### YOUR OBJECTIVE
What is needed here is an exact copy of all the data.

Start of RECORDS SHOWN

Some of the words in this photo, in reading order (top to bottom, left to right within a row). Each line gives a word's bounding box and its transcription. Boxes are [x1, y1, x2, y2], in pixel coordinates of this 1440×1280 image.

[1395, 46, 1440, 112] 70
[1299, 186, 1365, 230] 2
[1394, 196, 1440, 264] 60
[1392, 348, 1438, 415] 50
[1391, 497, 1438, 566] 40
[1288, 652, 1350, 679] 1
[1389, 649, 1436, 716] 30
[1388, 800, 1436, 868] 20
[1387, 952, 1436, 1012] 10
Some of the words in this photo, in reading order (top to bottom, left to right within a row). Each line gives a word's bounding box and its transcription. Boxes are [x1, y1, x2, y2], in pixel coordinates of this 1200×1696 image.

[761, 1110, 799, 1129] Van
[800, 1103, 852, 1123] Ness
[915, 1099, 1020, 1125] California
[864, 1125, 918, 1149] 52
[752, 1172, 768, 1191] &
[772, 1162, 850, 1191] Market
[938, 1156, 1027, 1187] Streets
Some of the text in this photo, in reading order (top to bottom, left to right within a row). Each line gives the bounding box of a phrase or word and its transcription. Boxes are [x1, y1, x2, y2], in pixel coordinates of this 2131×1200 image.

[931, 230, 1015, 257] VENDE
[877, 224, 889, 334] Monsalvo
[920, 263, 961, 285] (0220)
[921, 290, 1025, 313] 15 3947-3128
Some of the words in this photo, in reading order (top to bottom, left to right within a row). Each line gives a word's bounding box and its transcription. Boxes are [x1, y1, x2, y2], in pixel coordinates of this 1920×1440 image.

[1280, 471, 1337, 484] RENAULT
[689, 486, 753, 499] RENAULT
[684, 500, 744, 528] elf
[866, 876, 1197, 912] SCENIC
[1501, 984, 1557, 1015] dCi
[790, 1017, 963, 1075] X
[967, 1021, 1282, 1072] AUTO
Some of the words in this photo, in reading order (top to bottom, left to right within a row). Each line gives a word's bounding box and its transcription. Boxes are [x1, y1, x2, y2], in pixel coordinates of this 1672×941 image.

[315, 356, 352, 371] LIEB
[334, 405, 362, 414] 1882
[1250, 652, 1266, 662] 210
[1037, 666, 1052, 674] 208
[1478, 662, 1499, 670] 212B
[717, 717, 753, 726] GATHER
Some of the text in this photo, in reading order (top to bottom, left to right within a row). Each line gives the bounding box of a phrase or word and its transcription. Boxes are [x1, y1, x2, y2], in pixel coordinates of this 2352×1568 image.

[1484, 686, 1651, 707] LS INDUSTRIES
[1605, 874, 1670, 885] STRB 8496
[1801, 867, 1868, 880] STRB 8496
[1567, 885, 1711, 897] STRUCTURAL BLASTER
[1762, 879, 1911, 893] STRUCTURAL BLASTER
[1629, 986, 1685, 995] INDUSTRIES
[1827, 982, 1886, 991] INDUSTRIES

End of RECORDS SHOWN

### ANSWER AREA
Some of the words in this photo, in reading order (top to bottom, left to right within a row). Each line gives a word's bounding box and its transcription. Boxes are [x1, y1, x2, y2], in pixel coordinates of this 1440×1280 image.

[1395, 46, 1440, 112] 70
[1299, 186, 1365, 230] 2
[1394, 196, 1440, 264] 60
[1392, 348, 1438, 415] 50
[1391, 497, 1438, 566] 40
[1288, 652, 1350, 679] 1
[1389, 649, 1436, 716] 30
[1388, 800, 1436, 868] 20
[1387, 952, 1436, 1012] 10
Some of the words in this photo, in reading order (top to bottom, left to right within a row). Each line gives a word's bounding box and its transcription. Boxes are [x1, y1, x2, y2], in pixel coordinates of this 1200×1696 image.

[761, 1110, 799, 1129] Van
[800, 1103, 852, 1123] Ness
[915, 1099, 1020, 1125] California
[864, 1125, 918, 1149] 52
[752, 1172, 768, 1191] &
[772, 1162, 850, 1191] Market
[938, 1156, 1027, 1187] Streets
Some of the text in this photo, in reading order (top to bottom, left to right within a row). Each line gives the bounding box of a phrase or word and its transcription. Boxes are [x1, y1, x2, y2], in pixel coordinates of this 2131×1200 image.

[931, 230, 1015, 257] VENDE
[877, 224, 889, 334] Monsalvo
[920, 263, 961, 285] (0220)
[921, 290, 1025, 313] 15 3947-3128
Some of the words in this photo, in reading order (top to bottom, left to right within a row). Each line gives a word's bounding box and its transcription. Boxes are [x1, y1, x2, y2], in pixel coordinates of this 1920×1440 image.

[1280, 471, 1337, 484] RENAULT
[689, 486, 753, 499] RENAULT
[684, 500, 744, 528] elf
[866, 876, 1197, 912] SCENIC
[1501, 984, 1557, 1015] dCi
[790, 1017, 963, 1075] X
[967, 1021, 1282, 1072] AUTO
Some of the words in this photo, in reading order (top to bottom, left to right within a row). Each line gives a word's bounding box and its transcription. Boxes are [x1, y1, x2, y2], in pixel coordinates of this 1672×941 image.

[315, 356, 352, 371] LIEB
[334, 405, 362, 414] 1882
[1250, 652, 1266, 662] 210
[1037, 666, 1052, 674] 208
[1478, 662, 1499, 670] 212B
[717, 717, 753, 726] GATHER
Some of the text in this photo, in reading order (top to bottom, left to right within a row). Each line gives the bounding box of a phrase or word and its transcription. Boxes are [x1, y1, x2, y2], in pixel coordinates of this 2352×1568 image.

[1484, 686, 1651, 707] LS INDUSTRIES
[1605, 874, 1670, 885] STRB 8496
[1801, 867, 1868, 880] STRB 8496
[1567, 885, 1711, 897] STRUCTURAL BLASTER
[1762, 879, 1911, 893] STRUCTURAL BLASTER
[1629, 986, 1685, 995] INDUSTRIES
[1827, 982, 1886, 991] INDUSTRIES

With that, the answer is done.